Opinion by Sarah Myers
Oct. 25, 2020, 9:09 p.m.

In March 2016, Justice Antonin Scalia passed away and President Barack Obama nominated Merrick Garland to take his place. Senate Republicans blocked the nomination, saying that presidents should not be able to fill Supreme Court vacancies in an election year. The United States Constitution makes no such restriction. Garland was highly qualified, having served as chief judge on the U.S. Court of Appeals for the District of Columbia Circuit for some time.

In September 2020, less than two full months before the 2020 presidential election, Justice Ruth Bader Ginsburg passed away. Justice Ginsburg passed away on a Friday evening. The following Tuesday, President Donald Trump stated that he would announce his nominee for her replacement on Saturday. As planned, Trump nominated Amy Coney Barrett on Sept. 26 in a Rose Garden ceremony which appears to have become a super-spreader event in the ongoing COVID-19 pandemic. Republican senators hastened to announce their support for the nomination. 
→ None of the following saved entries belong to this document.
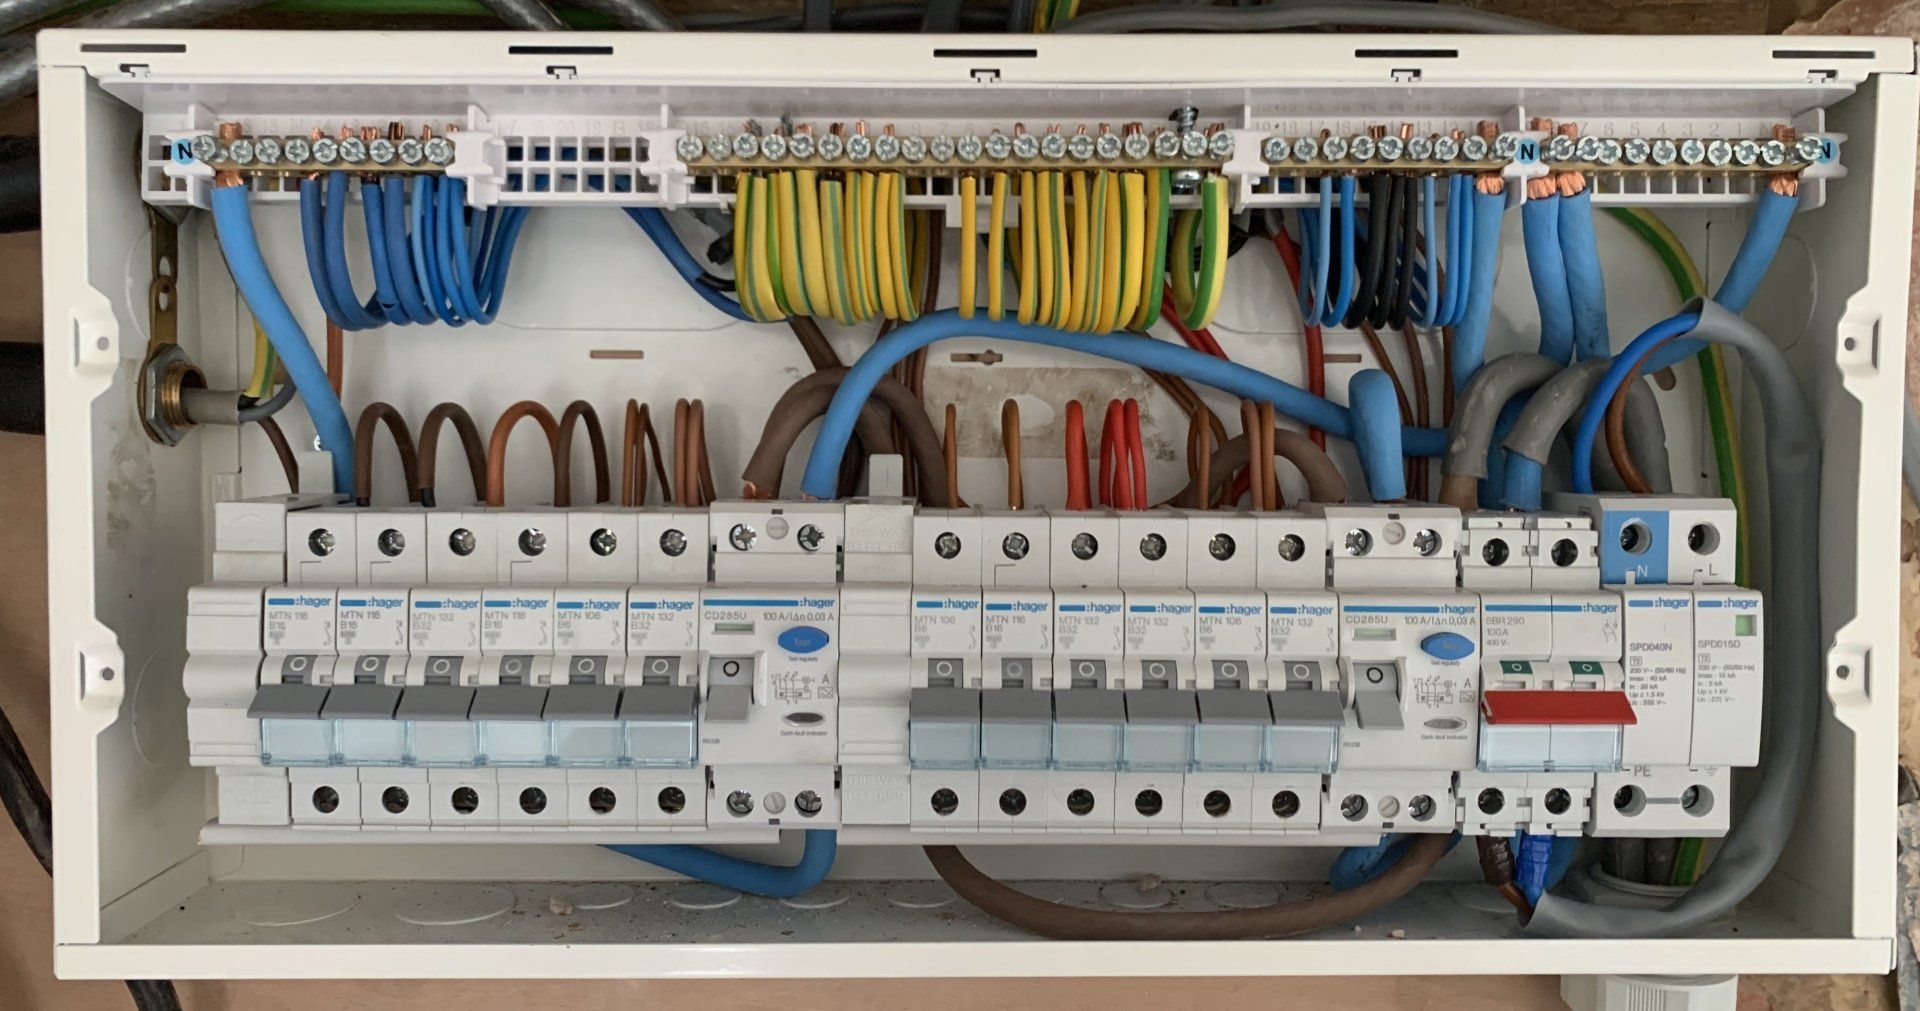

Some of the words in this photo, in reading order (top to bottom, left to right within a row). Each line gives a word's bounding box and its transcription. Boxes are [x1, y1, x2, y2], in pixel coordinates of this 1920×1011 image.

[1520, 143, 1535, 161] N
[1637, 565, 1649, 578] N
[1708, 563, 1718, 576] L
[269, 611, 292, 620] MTN
[340, 610, 364, 620] MTN
[412, 612, 436, 621] MTN
[485, 611, 509, 620] MTN
[557, 611, 581, 620] MTN
[631, 612, 655, 621] MTN
[704, 611, 747, 621] CD285U
[914, 615, 937, 624] MTN
[985, 615, 1009, 624] MTN
[1345, 615, 1388, 624] CD285U
[1059, 616, 1081, 625] MTN
[1127, 617, 1151, 626] MTN
[1199, 617, 1222, 625] MTN
[1270, 618, 1294, 627] MTN
[1629, 642, 1673, 652] SPD040N
[1697, 639, 1741, 649] SPD015D
[1633, 765, 1652, 777] PE
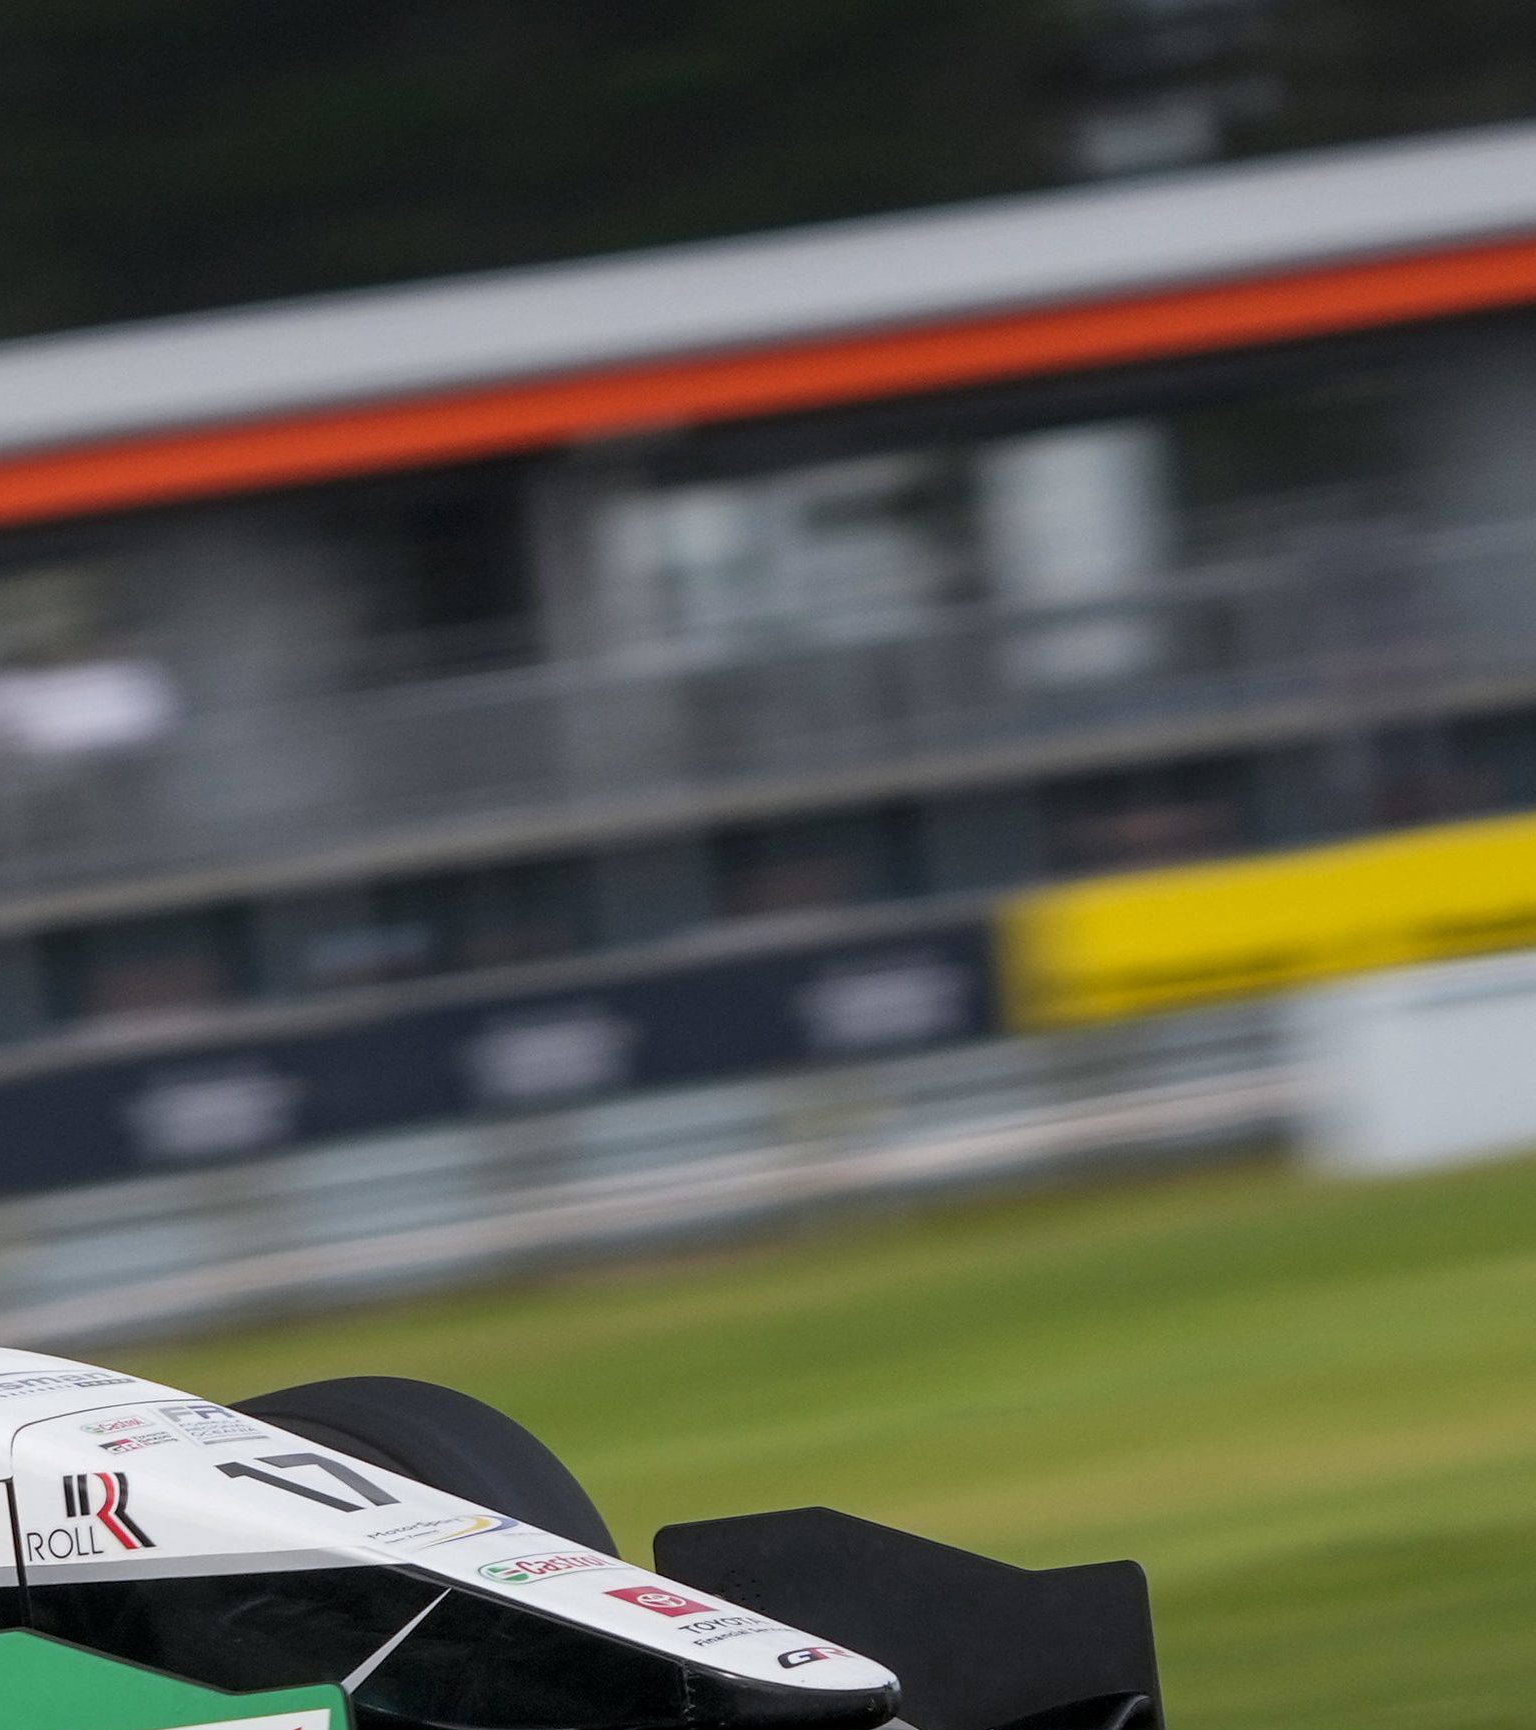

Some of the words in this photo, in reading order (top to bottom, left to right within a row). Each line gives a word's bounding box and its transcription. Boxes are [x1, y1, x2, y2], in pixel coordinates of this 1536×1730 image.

[216, 1452, 398, 1512] 17
[26, 1525, 104, 1562] ROLL
[516, 1554, 612, 1576] Castrol
[678, 1616, 763, 1635] TOYOTA
[777, 1647, 856, 1669] GR
Sen. Mitch McConnell, who led efforts to block Garland’s nomination, is now leading the push to confirm Judge Barrett. The list of senators who opposed Garland’s confirmation as senators in 2016 and are now supporting Barrett’s nomination is 39 names long. 

Of course, the list of Democrats who’ve done the same switch in the opposite direction isn’t exactly short. Republicans started this fight and made up a ridiculous claim with no basis in the law to block Merrick Garland’s confirmation, but Democrats are now stooping to the same ridiculous level. The difference in time between the elections and Scalia and Ginsburg’s passings is significant, but the president still has legal authority to nominate a new justice. In other words, “they started it” is not a valid legal doctrine.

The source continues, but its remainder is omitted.